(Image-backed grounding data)

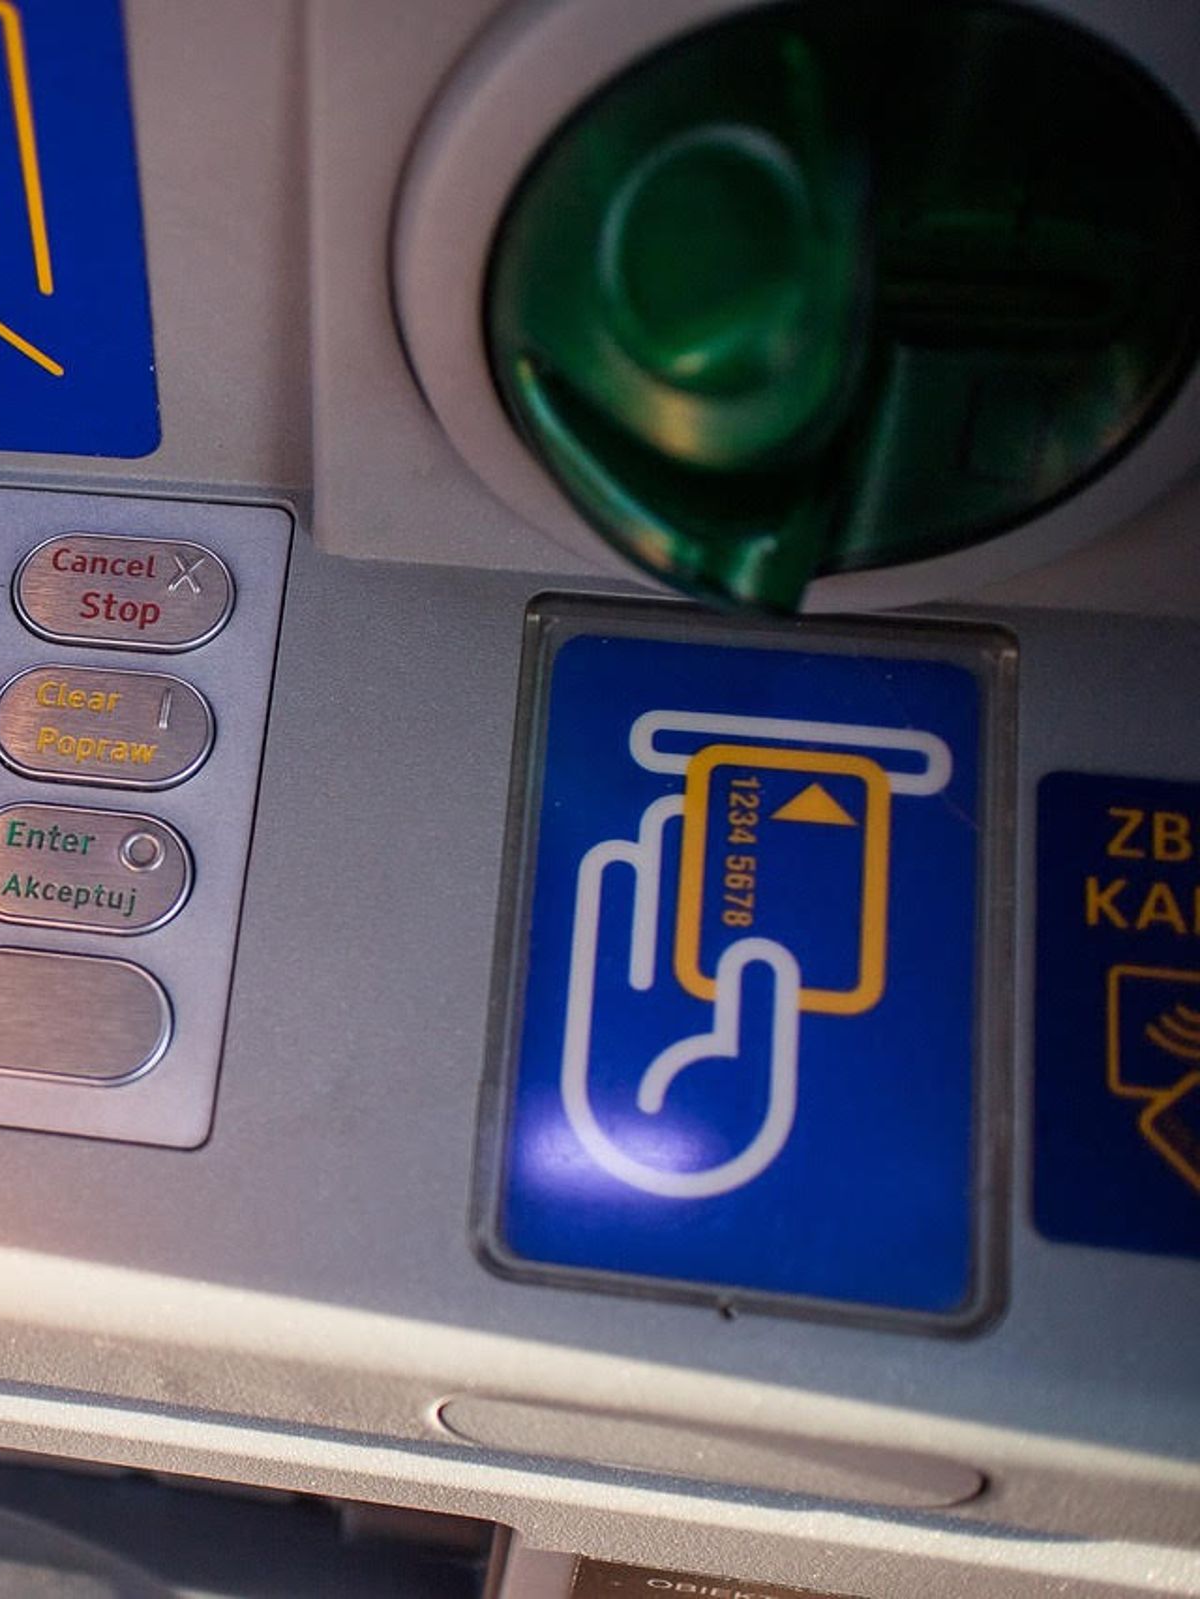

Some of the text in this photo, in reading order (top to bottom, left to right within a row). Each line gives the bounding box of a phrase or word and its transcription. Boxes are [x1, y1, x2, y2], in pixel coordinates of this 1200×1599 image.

[51, 546, 157, 579] Cancel
[79, 591, 161, 630] Stop
[35, 680, 121, 714] Clear
[35, 727, 160, 767] Popraw
[4, 818, 96, 856] Enter
[722, 776, 762, 928] 1234 5678
[2, 872, 139, 918] Akceptuj
[1085, 874, 1200, 936] KA
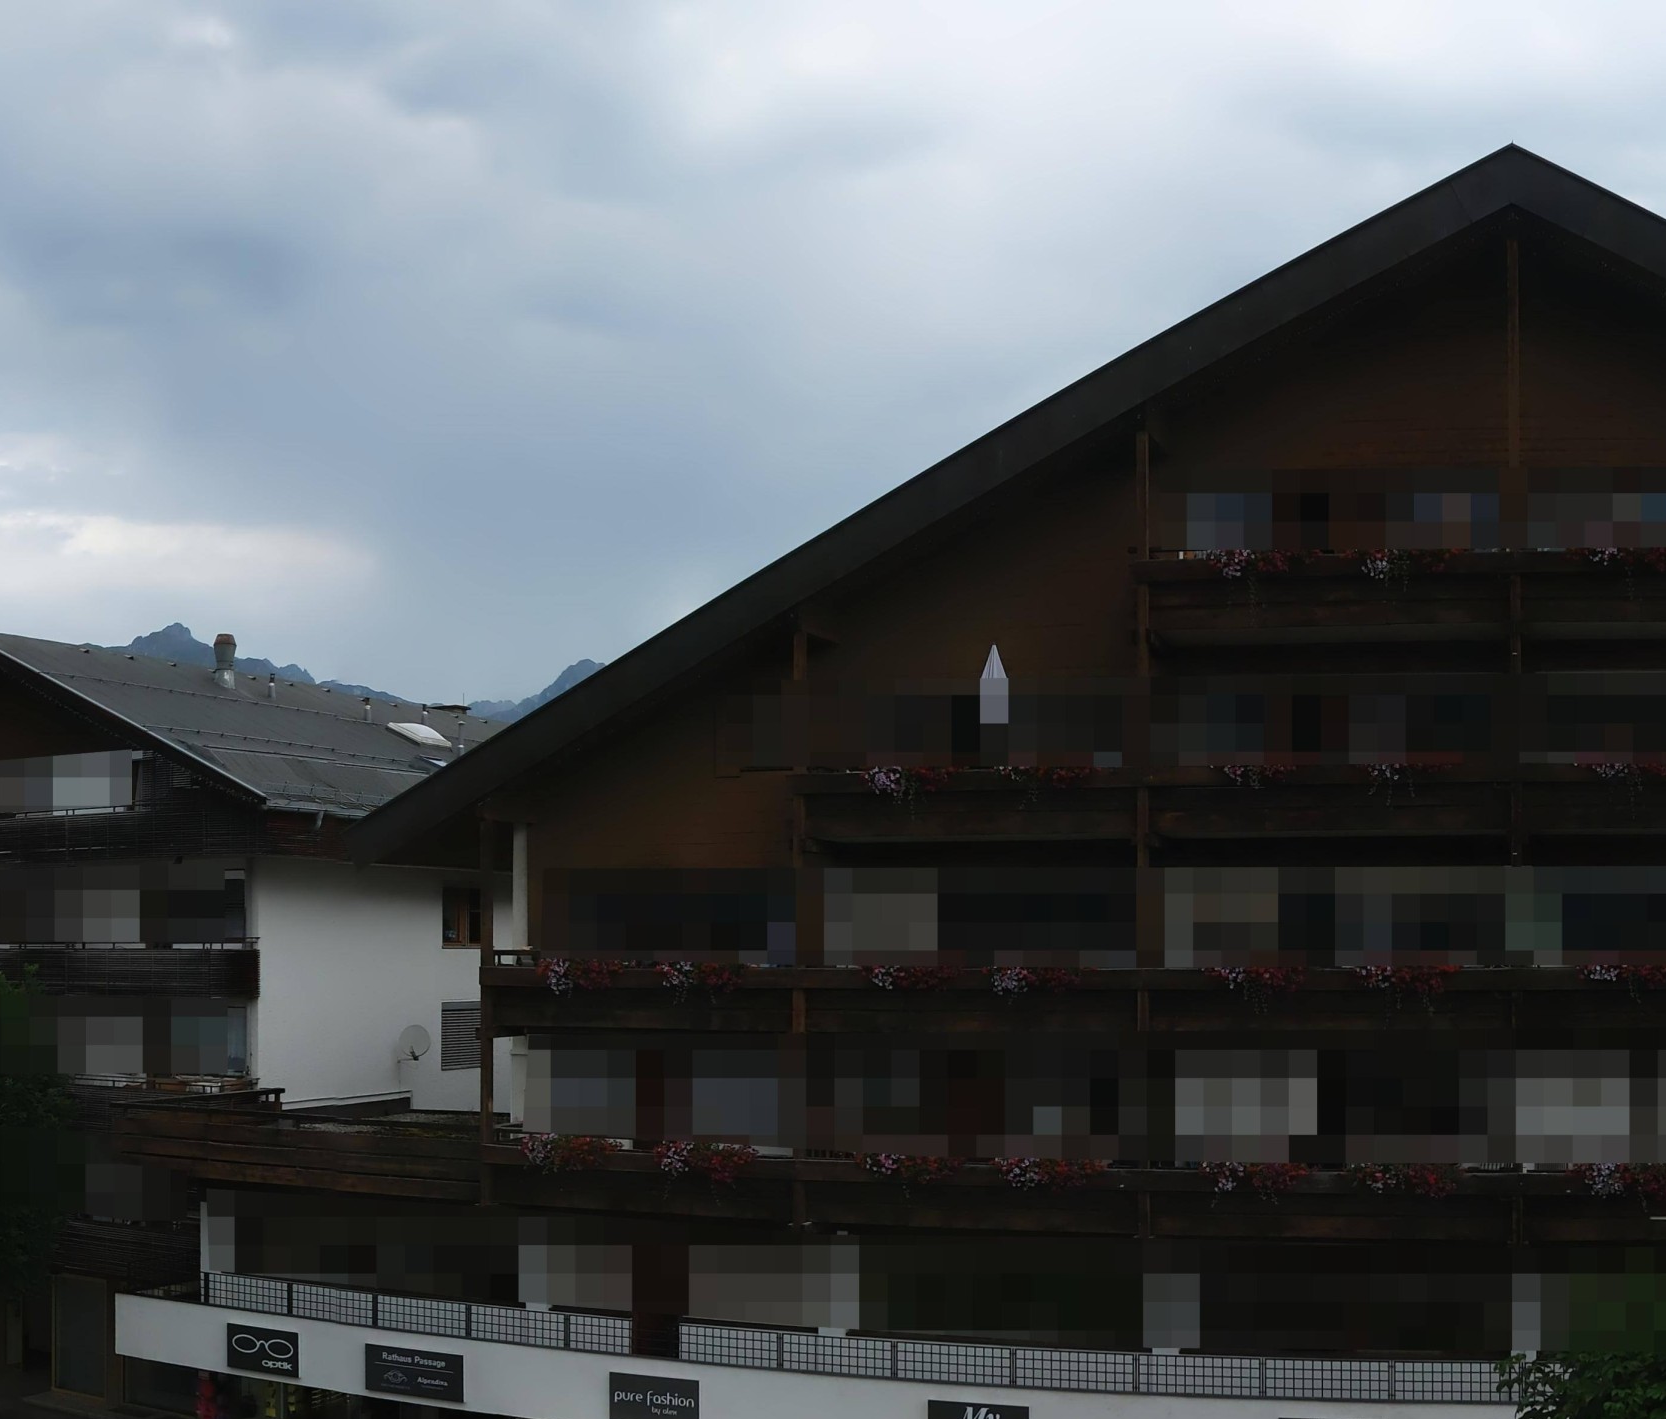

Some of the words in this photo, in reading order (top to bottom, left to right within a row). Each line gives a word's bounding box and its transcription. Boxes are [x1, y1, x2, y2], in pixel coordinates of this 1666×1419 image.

[261, 1359, 293, 1371] optik
[382, 1352, 412, 1363] Rathaus
[414, 1355, 446, 1368] Passage
[614, 1390, 643, 1406] pure
[646, 1390, 694, 1409] fashion
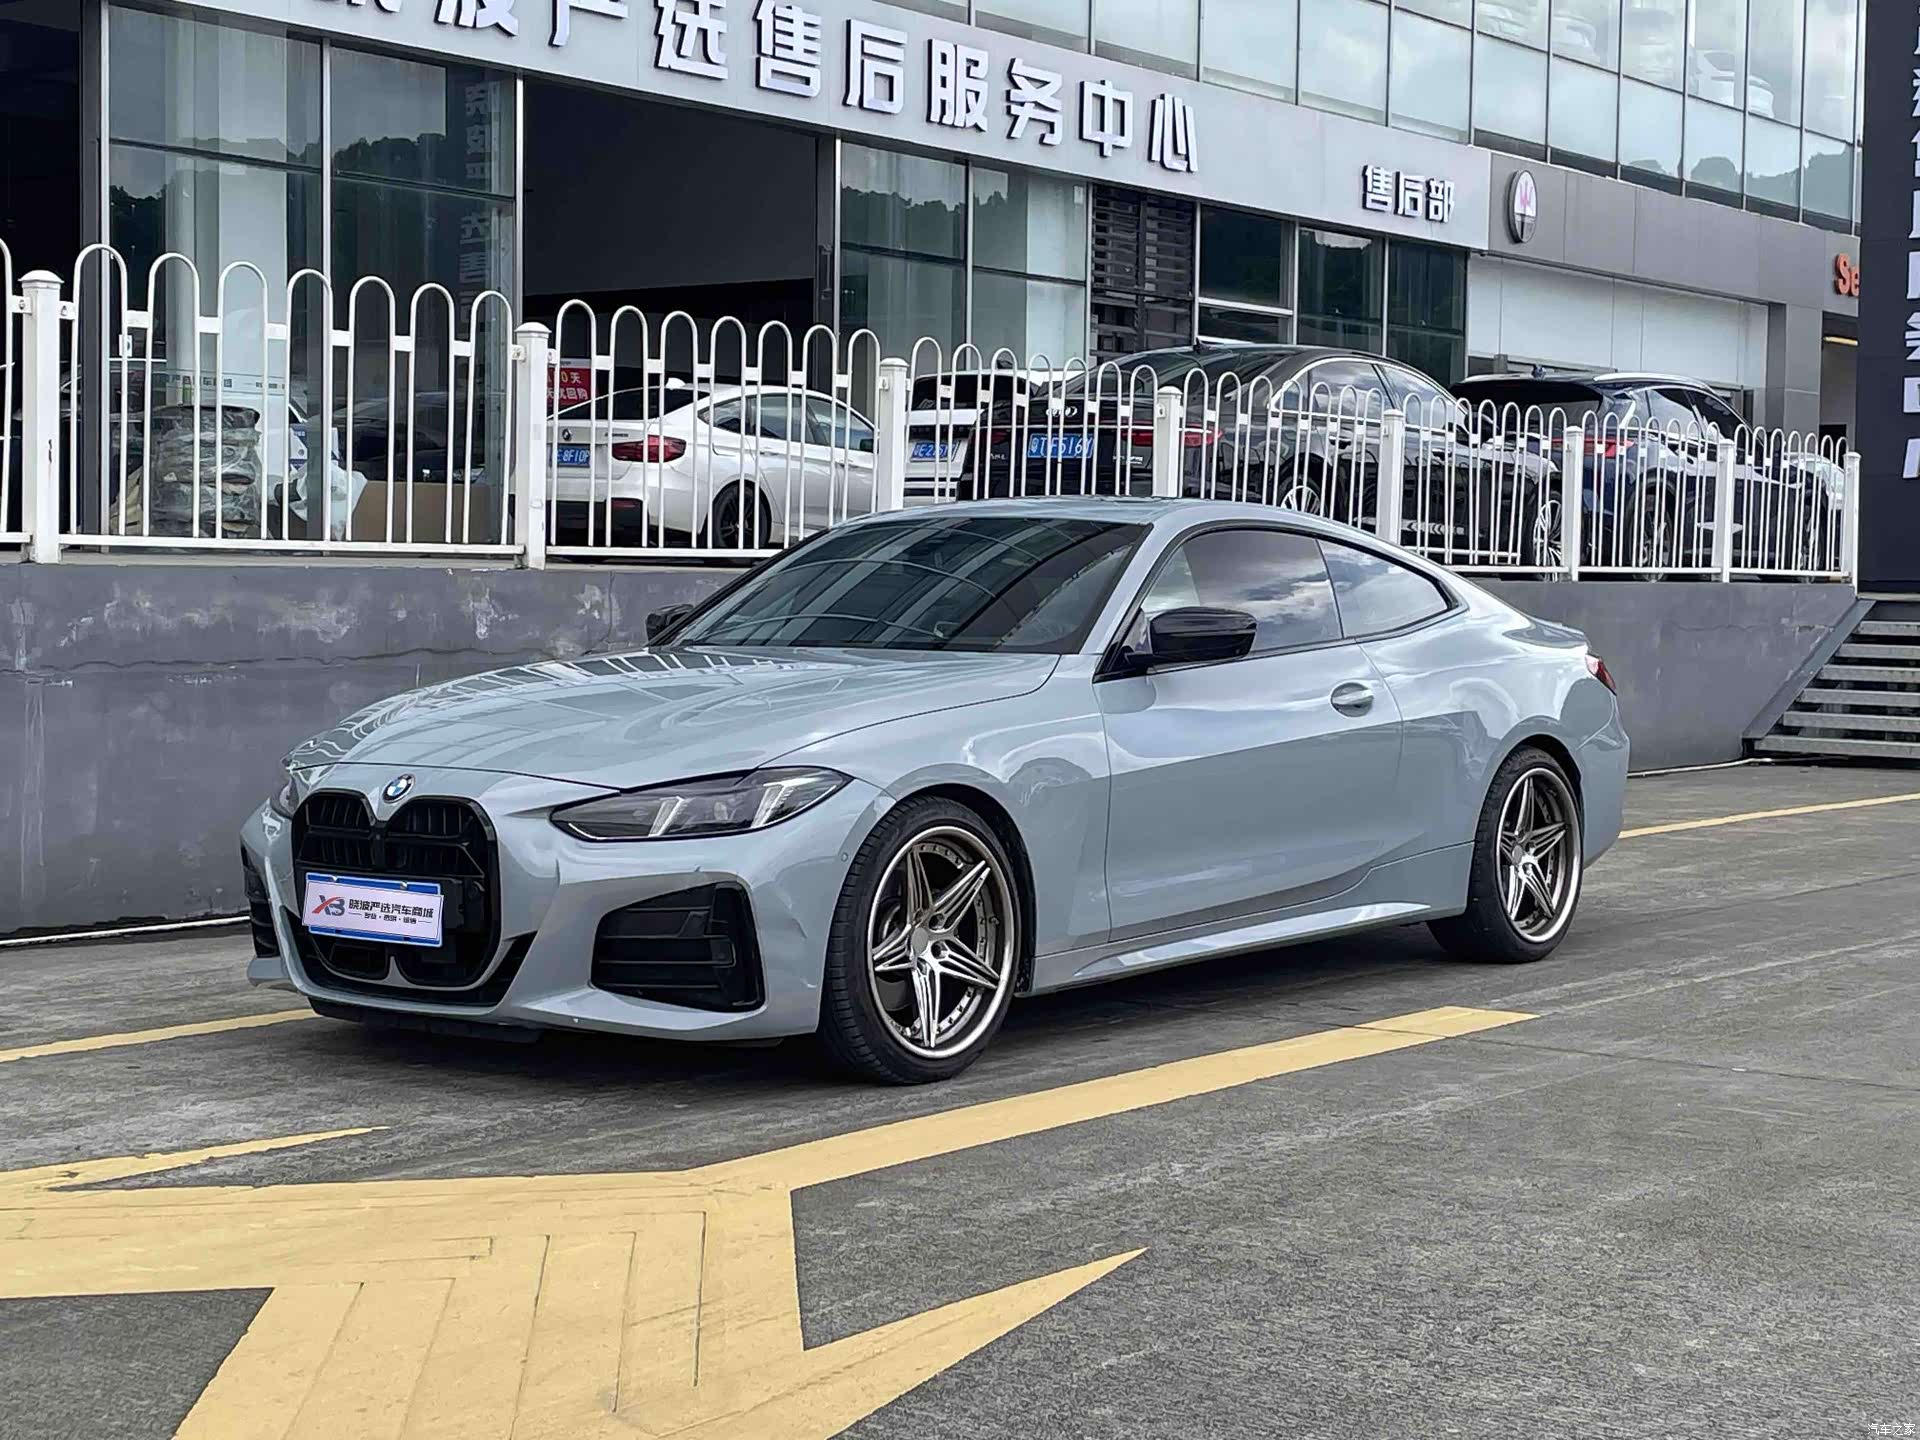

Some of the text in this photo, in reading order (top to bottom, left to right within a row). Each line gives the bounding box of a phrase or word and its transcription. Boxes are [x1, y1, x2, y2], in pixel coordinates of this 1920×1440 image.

[1362, 165, 1455, 223] 售后部
[348, 898, 434, 918] 晓波严选汽车商城

Work task - Make an exact copy of the records above, one that has none of the pictures.

Answer section -
Some of the text in this photo, in reading order (top to bottom, left to right within a row). Each line gives the bounding box of a phrase or word and its transcription. Boxes are [x1, y1, x2, y2], in pixel coordinates of this 1200×1599 image.

[51, 546, 157, 579] Cancel
[79, 591, 161, 630] Stop
[35, 680, 121, 714] Clear
[35, 727, 160, 767] Popraw
[4, 818, 96, 856] Enter
[722, 776, 762, 928] 1234 5678
[2, 872, 139, 918] Akceptuj
[1085, 874, 1200, 936] KA

Some of the words in this photo, in reading order (top to bottom, left to right within a row). Each line gives a word's bounding box and its transcription. Boxes are [x1, y1, x2, y2], in pixel coordinates of this 1666×1419 image.

[261, 1359, 293, 1371] optik
[382, 1352, 412, 1363] Rathaus
[414, 1355, 446, 1368] Passage
[614, 1390, 643, 1406] pure
[646, 1390, 694, 1409] fashion

Some of the text in this photo, in reading order (top to bottom, left to right within a row). Each line gives the bounding box of a phrase or word and its transcription. Boxes are [x1, y1, x2, y2], in pixel coordinates of this 1920×1440 image.

[1362, 165, 1455, 223] 售后部
[348, 898, 434, 918] 晓波严选汽车商城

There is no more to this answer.